While all this was happening, the Chairman, calm and composed, had gone up to the officer in charge of the operation, a certain SS-Hauptscharführer Konrad Mühlhaus, and asked to be given access to the hospital building. Mühlhaus had refused, saying this was a Sonderaktion led by the Gestapo, and no Jews were allowed to cross the police line. The Chairman had then asked for access to the office to make an urgent telephone call.

When this request, too, was turned down, the Chairman is supposed to have said:

You can shoot or deport me. But as Eldest of the Jews, I still have some influence over the Jews in the ghetto. If you want this operation to run in a smooth and dignified way, you would be wise to grant my request.

The Chairman was gone for scarcely thirty minutes. In that space of time, the Gestapo brought up more tractors and trailers, and an extra handful of Rozenblat’s men were ordered to the hospital gardens, to find any patients who had tried to escape out of the back entrance. Those patients who had been hiding in the hospital grounds all this time were felled with blows from batons or rifle butts; those who had strayed out into the road were cold-bloodedly shot by the German guards. At regular intervals, screams and stifled cries could be heard from the cluster of relatives outside the hospital grounds, who were powerless to help the infirm as they were led one by one from the hospital building. Meanwhile, more and more eyes turned to the upstairs windows of the hospital, where people expected to see the Chairman’s white-haired head appear, to announce that the operation had been suspended, that it had all been the result of some misunderstanding, that he had spoken to the authorities and all the sick and the old were now free to return home.

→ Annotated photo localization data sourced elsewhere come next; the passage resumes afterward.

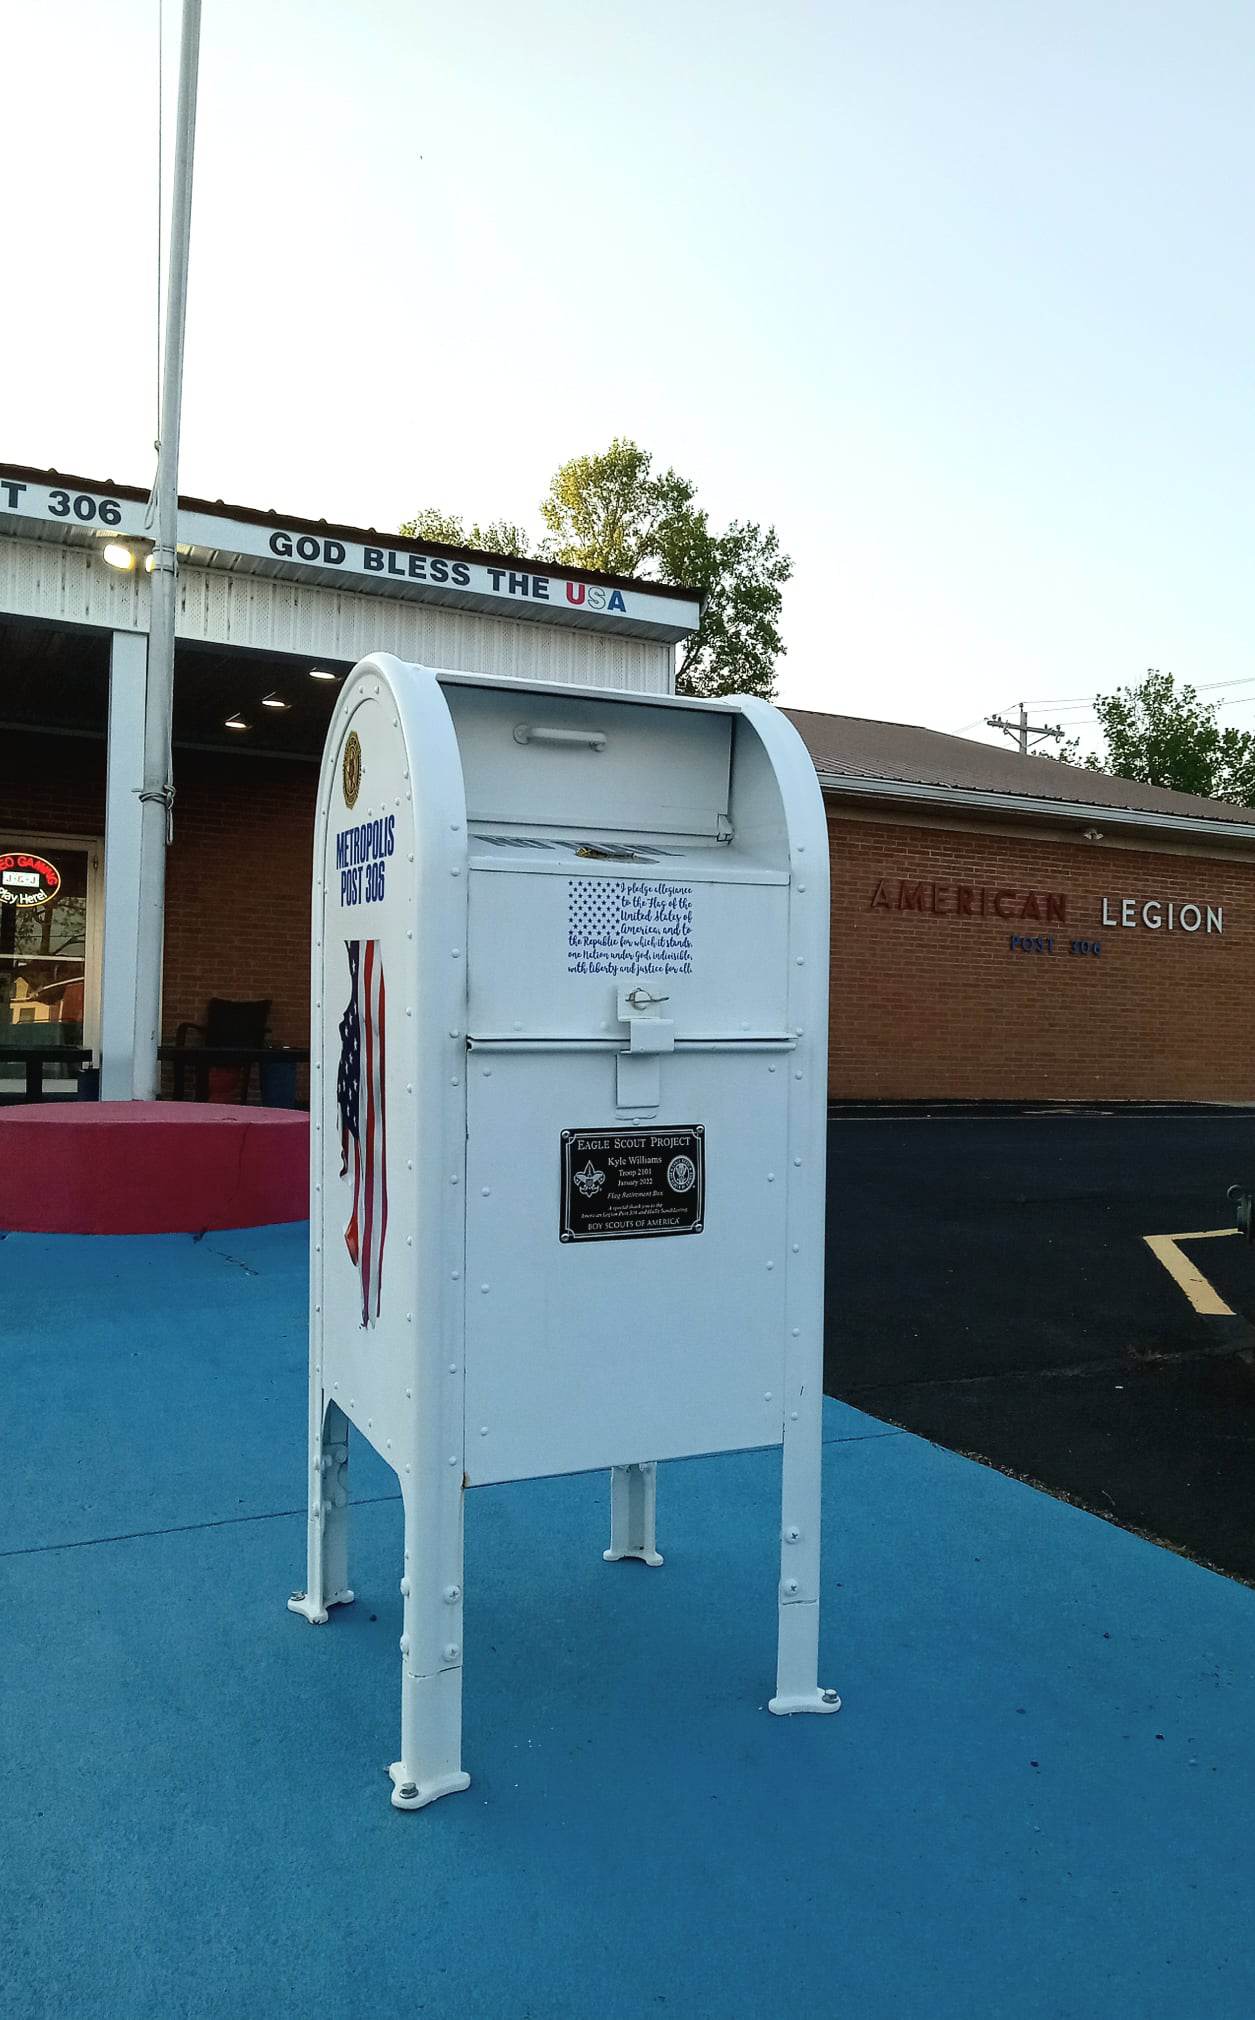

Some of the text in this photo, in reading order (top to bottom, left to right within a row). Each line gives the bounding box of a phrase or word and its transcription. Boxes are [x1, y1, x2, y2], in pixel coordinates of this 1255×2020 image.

[48, 490, 122, 526] 306
[268, 531, 627, 613] GOD BLESS THE USA
[336, 814, 395, 870] METROPOLIS
[341, 860, 385, 907] POST 306
[620, 882, 693, 897] I pledge allegiance
[19, 888, 48, 904] Here!
[621, 896, 692, 910] to the Flag of the
[870, 879, 1224, 935] AMERICAN LEGION
[620, 909, 693, 923] United States of
[662, 923, 681, 936] and
[682, 923, 692, 936] to
[568, 935, 582, 947] the
[582, 935, 619, 949] Republic
[620, 936, 633, 948] for
[634, 936, 656, 948] which
[657, 937, 665, 947] it
[1011, 934, 1055, 956] POST
[568, 950, 582, 960] one
[582, 949, 609, 960] Nation
[610, 949, 634, 960] under
[568, 962, 588, 974] with
[589, 962, 618, 976] liberty
[619, 962, 636, 974] and
[636, 962, 664, 976] justice
[664, 962, 678, 975] for
[608, 1156, 662, 1167] Kyle Williams
[618, 1169, 637, 1178] Troop
[618, 1180, 638, 1188] January
[588, 1217, 680, 1231] BOY SCOUTS OF AMERICA

But when the Chairman reappeared at the main entrance after those thirty minutes, he did not even glance at the column of loaded trailers. He just walked briskly back to his horse and carriage and got in, and they set off back towards Bałuty Square.

That day – the first of the September operation – a total of 674 in-patients from the ghetto’s six hospitals were taken to assembly points around the ghetto, and then onward out of the ghetto by train. Among those expelled were Regina Rumkowska’s two aunts, Lovisa and Bettina, and possibly also Regina’s beloved brother, Mr Benjamin Wajnberger.

There were many who wondered afterwards why the Chairman had done nothing to help his own relations, in spite of the fact that everyone had seen him standing outside the hospital talking first to SS-Hauptscharführer Mühlhaus, then to SS-Hauptsturmführer Fuchs.

Some thought they knew the reason for his compliance. In the course of the brief telephone conversation Rumkowski later had from inside the hospital with ghetto administrator Hans Biebow, he was allegedly given a promise. In exchange for agreeing to let all the old and sick people of the ghetto go, the Chairman would be allowed to compile a personal list from among those on the expulsion list, a list of two hundred fit and able-bodied men, men indispensable to the future operation and administration of the ghetto, who would be allowed to stay in the ghetto despite being formally above the age limit. The Chairman was said to have agreed to this pact with the Devil because he believed it was the only way to secure the continued existence of the ghetto in the longer term.

Others said Rumkowski realised that the time of promises was over, as far as he was concerned, the minute the deportations began without his knowledge. That everything the authorities had promised until then had turned out to be lies and hollow words. So what did the lives of a few family members signify, when all that was left for him was to look on, bewildered and powerless, as the whole mighty empire he had built slowly crumbled?